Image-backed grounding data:
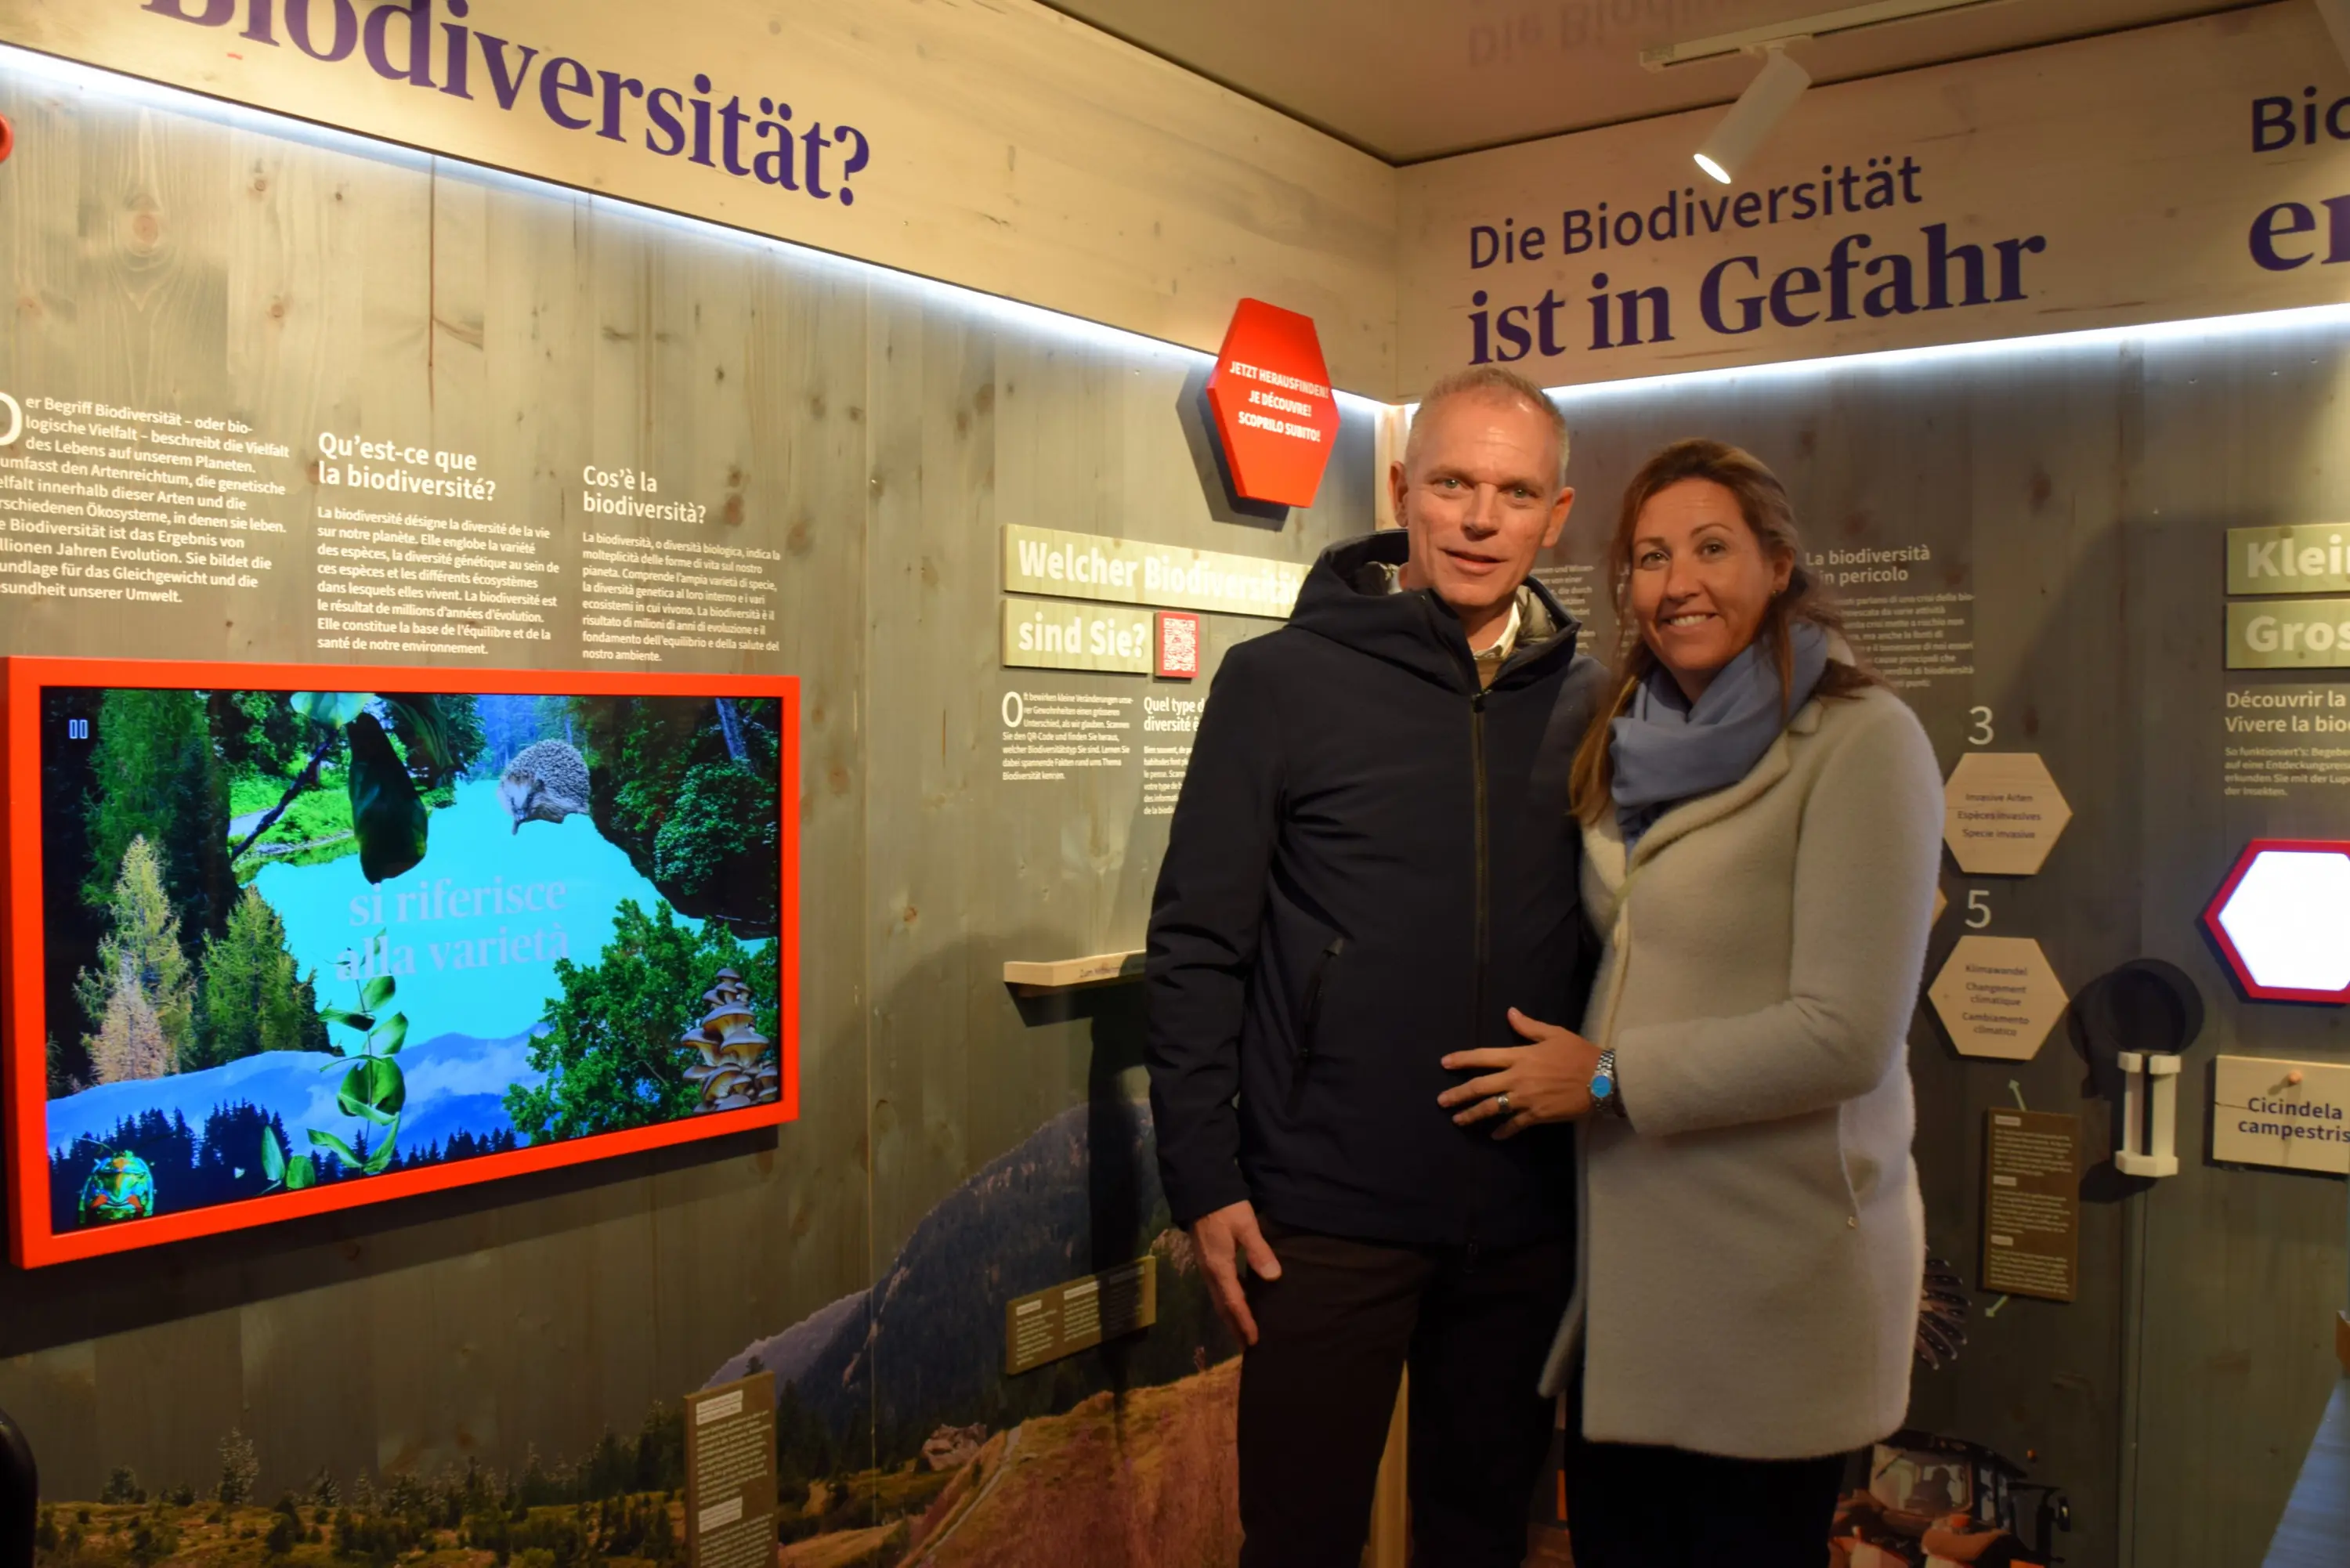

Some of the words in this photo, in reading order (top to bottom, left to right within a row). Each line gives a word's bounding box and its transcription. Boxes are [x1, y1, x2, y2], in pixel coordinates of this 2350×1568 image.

[1470, 219, 1546, 269] Die
[1563, 156, 1922, 256] Biodiversität
[1469, 285, 1566, 367] ist
[1587, 272, 1676, 351] in
[1699, 222, 2047, 335] Gefahr
[1229, 360, 1259, 380] JETZT
[1259, 369, 1329, 399] HERAUSFINDEN!
[44, 397, 92, 416] Begriff
[95, 403, 182, 426] Biodiversität
[194, 417, 226, 431] oder
[227, 419, 252, 433] bio-
[1248, 390, 1261, 403] JE
[1261, 392, 1312, 417] DÉCOUVRE!
[26, 414, 86, 434] logische
[88, 423, 137, 441] Vielfalt
[150, 429, 221, 450] beschreibt
[223, 439, 244, 452] die
[244, 442, 289, 457] Vielfalt
[1238, 411, 1284, 433] SCOPRILO
[1285, 421, 1321, 443] SUBITO!
[26, 436, 52, 451] des
[55, 439, 106, 457] Lebens
[108, 446, 132, 459] auf
[133, 451, 193, 466] unserem
[195, 455, 255, 472] Planeten.
[319, 432, 428, 464] Qu’est-ce
[435, 451, 476, 473] que
[0, 456, 58, 472] umfasst
[60, 461, 88, 475] den
[90, 464, 193, 488] Artenreichtum,
[195, 474, 216, 488] die
[218, 479, 285, 494] genetische
[319, 461, 340, 485] la
[348, 464, 495, 500] biodiversité?
[584, 465, 634, 490] Cos’è
[641, 471, 656, 492] la
[38, 479, 108, 497] innerhalb
[111, 486, 155, 501] dieser
[157, 490, 194, 505] Arten
[197, 496, 222, 508] und
[226, 497, 246, 510] die
[584, 491, 706, 523] biodiversità?
[9, 518, 107, 537] Biodiversität
[109, 526, 126, 539] ist
[129, 527, 155, 541] das
[157, 530, 217, 547] Ergebnis
[219, 537, 244, 547] von
[86, 501, 171, 526] Ökosysteme,
[173, 511, 186, 524] in
[188, 512, 228, 527] denen
[230, 517, 248, 529] sie
[249, 518, 286, 533] leben.
[317, 506, 332, 518] La
[334, 507, 403, 525] biodiversité
[404, 514, 447, 530] désigne
[449, 518, 459, 529] la
[461, 519, 507, 534] diversité
[508, 524, 522, 536] de
[523, 526, 533, 537] la
[534, 527, 550, 538] vie
[56, 543, 107, 558] Jahren
[110, 546, 182, 563] Evolution.
[185, 551, 207, 565] Sie
[209, 553, 248, 568] bildet
[251, 556, 272, 569] die
[317, 527, 337, 537] sur
[338, 528, 371, 540] notre
[372, 529, 418, 544] planète.
[421, 533, 442, 546] Elle
[443, 537, 486, 551] englobe
[488, 539, 498, 551] la
[500, 542, 535, 554] variété
[584, 532, 595, 542] La
[596, 533, 654, 550] biodiversità,
[663, 539, 701, 552] diversità
[703, 543, 745, 558] biologica,
[746, 547, 772, 559] indica
[772, 550, 780, 560] la
[1806, 552, 1824, 566] La
[1829, 544, 1930, 565] biodiversità
[2247, 533, 2350, 578] Klei
[60, 562, 82, 576] für
[85, 565, 110, 578] das
[112, 566, 208, 585] Gleichgewicht
[210, 573, 235, 586] und
[237, 574, 258, 587] die
[1018, 540, 1137, 587] Welcher
[1839, 566, 1908, 587] pericolo
[69, 587, 123, 599] unserer
[125, 587, 182, 602] Umwelt.
[1018, 611, 1081, 655] sind
[1090, 616, 1144, 659] Sie?
[1144, 696, 1170, 714] Quel
[1172, 697, 1195, 716] type
[2226, 691, 2323, 708] Découvrir
[2328, 690, 2346, 708] la
[1144, 715, 1191, 732] diversité
[1967, 705, 1994, 746] 3
[2225, 716, 2287, 732] Vivere
[2292, 715, 2312, 732] la
[2315, 714, 2350, 732] bio
[2225, 747, 2238, 756] So
[2225, 761, 2240, 769] auf
[2242, 761, 2264, 770] eine
[2224, 774, 2271, 782] erkunden
[2273, 773, 2289, 782] Sie
[2290, 773, 2308, 782] mit
[2310, 774, 2327, 782] der
[2330, 775, 2350, 785] Lup
[2224, 787, 2240, 796] der
[2243, 787, 2288, 797] Insekten.
[349, 882, 385, 927] si
[396, 876, 569, 923] riferisce
[1965, 889, 1992, 929] 5
[335, 935, 417, 981] alla
[428, 922, 570, 972] varietà
[2248, 1097, 2343, 1120] Cicindela
[2238, 1120, 2350, 1143] campestris

» **PROBLEM TO SOLVE**
If the word "Biodiversität" is on a line above, return that line.

» **ANSWER TO THE PROBLEM**
[1563, 156, 1922, 256] Biodiversität
[95, 403, 182, 426] Biodiversität
[9, 518, 107, 537] Biodiversität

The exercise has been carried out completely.